Tel Aviv

Israeli chefs are drawing inspiration from their roots to create exciting and affordable food. Anshel Pfeffer smacks his chops

By Anshel Pfeffer

For visitors from Britain, M25 is an unfortunate name, recalling as it does their capital’s orbital motorway; but aside from being jam-packed, Tel Aviv’s and London’s versions have happily little in common. The Israeli M25 is a small restaurant in the noisy, cramped Ha’Carmel district, named for the distance – 25 metres – from the high-end butcher that supplies its meat. Starters like ara’yes, a juicy, charcoal-toasted pitta-half filled with a lamb kebab and pickled ox tongue and served with home-made horseradish sauce, embody the two prevailing elements of today’s Israeli cuisine: the staples of Middle Eastern cooking and the diversity of the Jewish diaspora – with, in the case of the pickled tongue, a cheeky nod to an Ashkenazi culinary heritage.

For nearly two decades, Tel Aviv’s restaurant scene seemed to be focused mainly on producing glitzy but ultimately underwhelming versions of what was available abroad.
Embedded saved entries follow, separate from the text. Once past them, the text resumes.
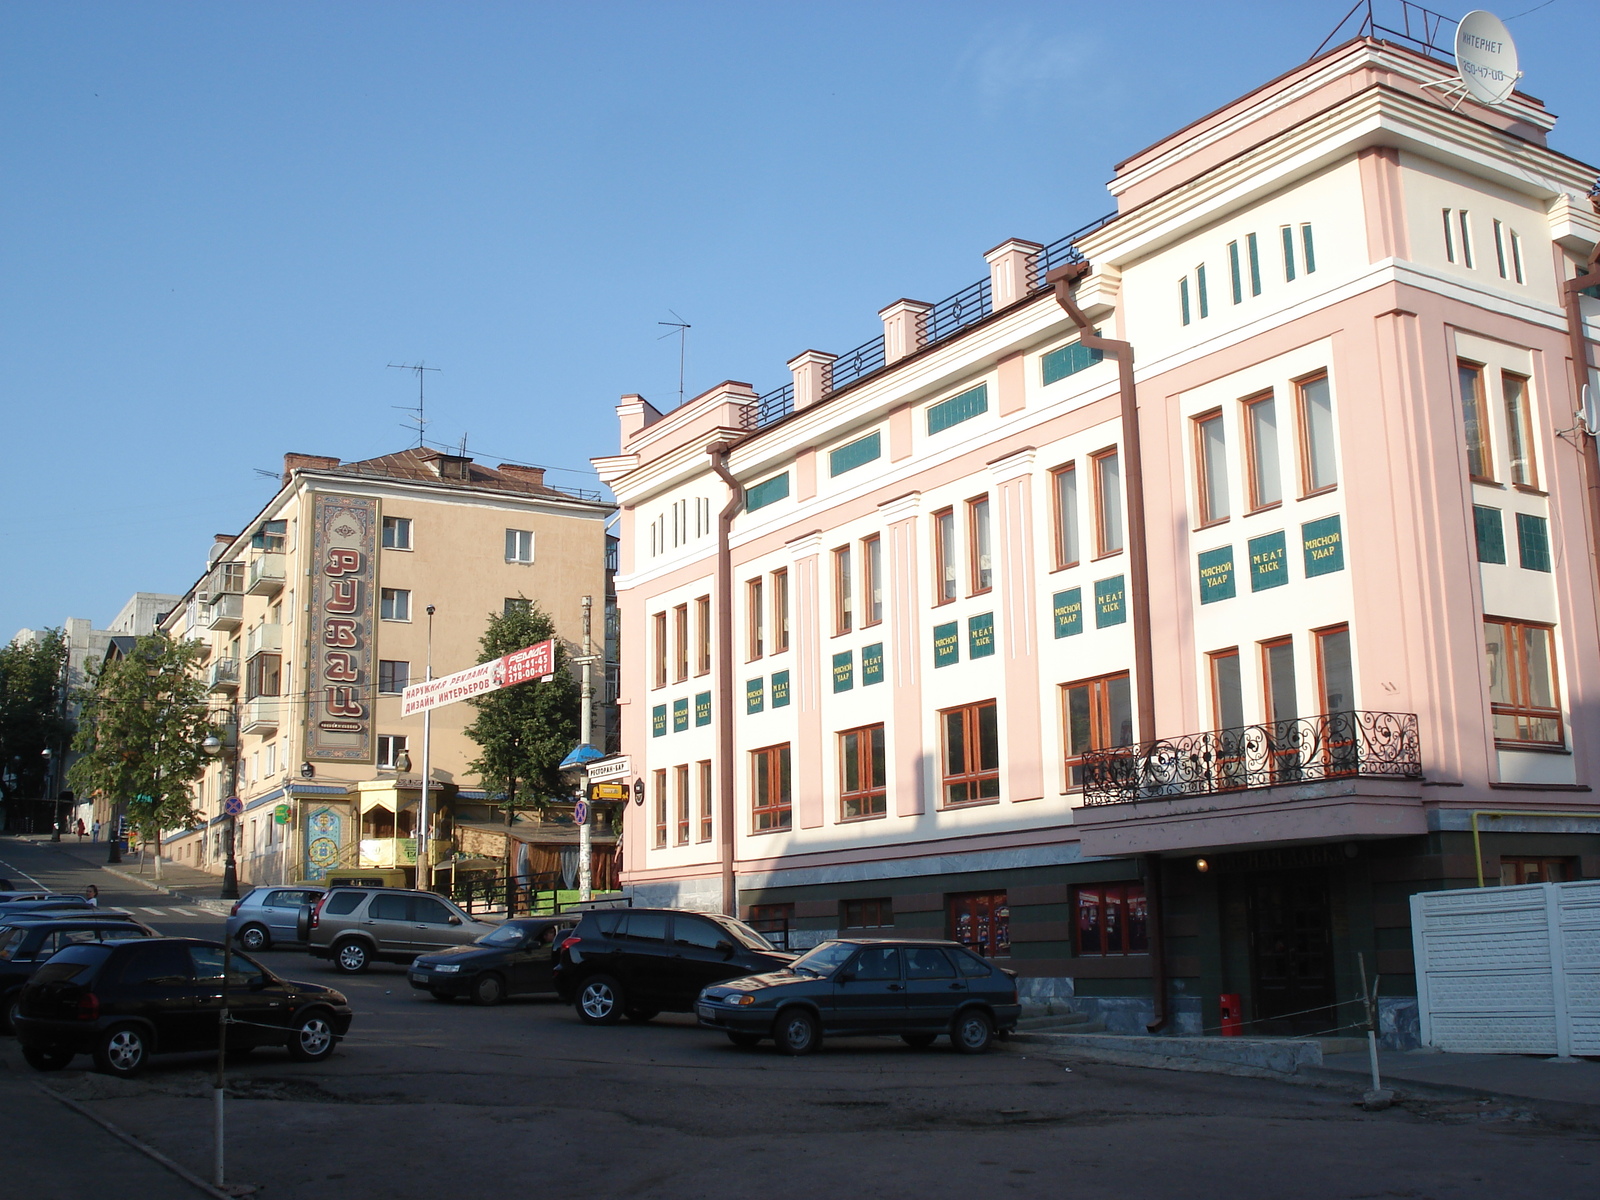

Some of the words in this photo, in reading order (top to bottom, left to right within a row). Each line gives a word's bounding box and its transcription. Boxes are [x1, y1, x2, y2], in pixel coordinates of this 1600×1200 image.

[1462, 31, 1502, 54] ИНТЕРНЕТ
[1305, 532, 1340, 550] МЯСНОЙ
[1253, 548, 1283, 564] MEAT
[1312, 546, 1335, 561] УДАР
[1201, 561, 1232, 578] МЯСНОЙ
[1258, 561, 1279, 574] KICK
[1207, 574, 1228, 588] УДАР
[1098, 591, 1123, 605] MEAT
[1054, 602, 1081, 617] МЯСНОЙ
[1102, 602, 1120, 614] KICK
[1059, 613, 1077, 626] УДАР
[972, 626, 993, 638] MEAT
[975, 636, 991, 647] KICK
[507, 654, 549, 674] 240-41-45
[863, 655, 882, 667] MEAT
[450, 665, 489, 686] РЕКЛАМА
[508, 664, 548, 683] 278-00-41
[405, 695, 435, 715] ДИЗАЙН
[438, 678, 490, 703] ИНТЕРЬЕРОВ
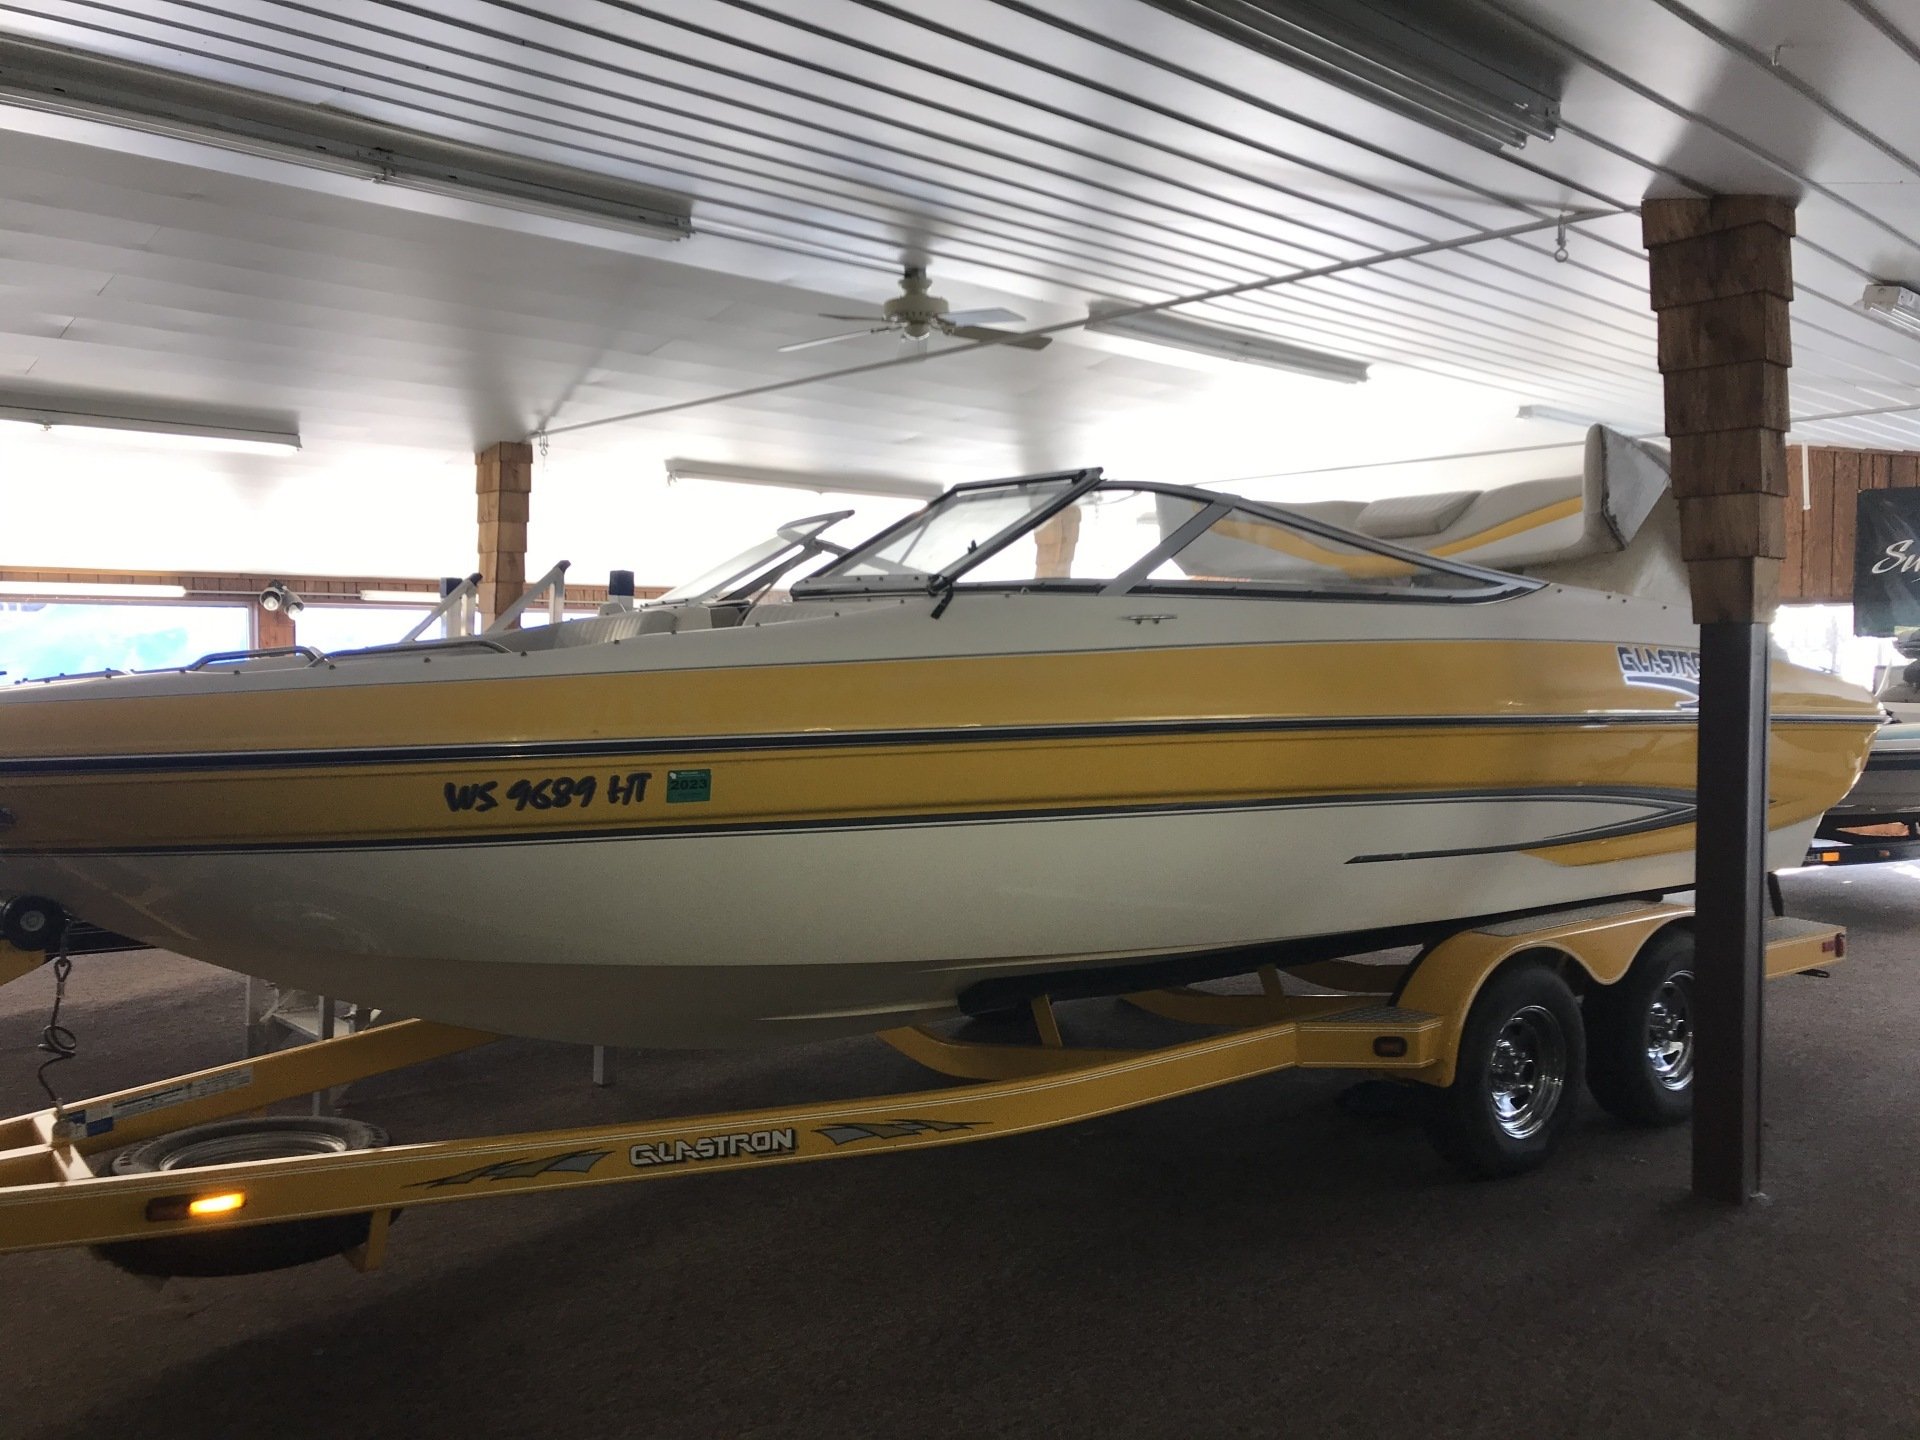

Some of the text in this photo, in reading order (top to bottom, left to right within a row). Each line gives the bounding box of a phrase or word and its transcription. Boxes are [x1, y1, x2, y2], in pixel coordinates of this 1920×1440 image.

[443, 772, 652, 812] WS 9689 HT
[629, 1127, 794, 1167] GLASTRON
The gulf between hummus-chips-shwarma and air-freighted black miso cod seemed unbridgeable. But fortunately – for diners – economic downturns, allied with the success of Israeli cuisine and chefs such as Yotam Ottolenghi abroad, and the sophistication of well-travelled Tel-Avivians who are no longer impressed by wannabe Nobus, have led chefs back to their roots. In the city that famously “sprang from the sand”, roots can, of course, be interpreted in a liberal manner. M25, a meat-lovers’ mecca just south of the main financial district, is the most recent – and my favourite – iteration of what are called in Israel “market restaurants” and which are starting to pull in culinary tourists.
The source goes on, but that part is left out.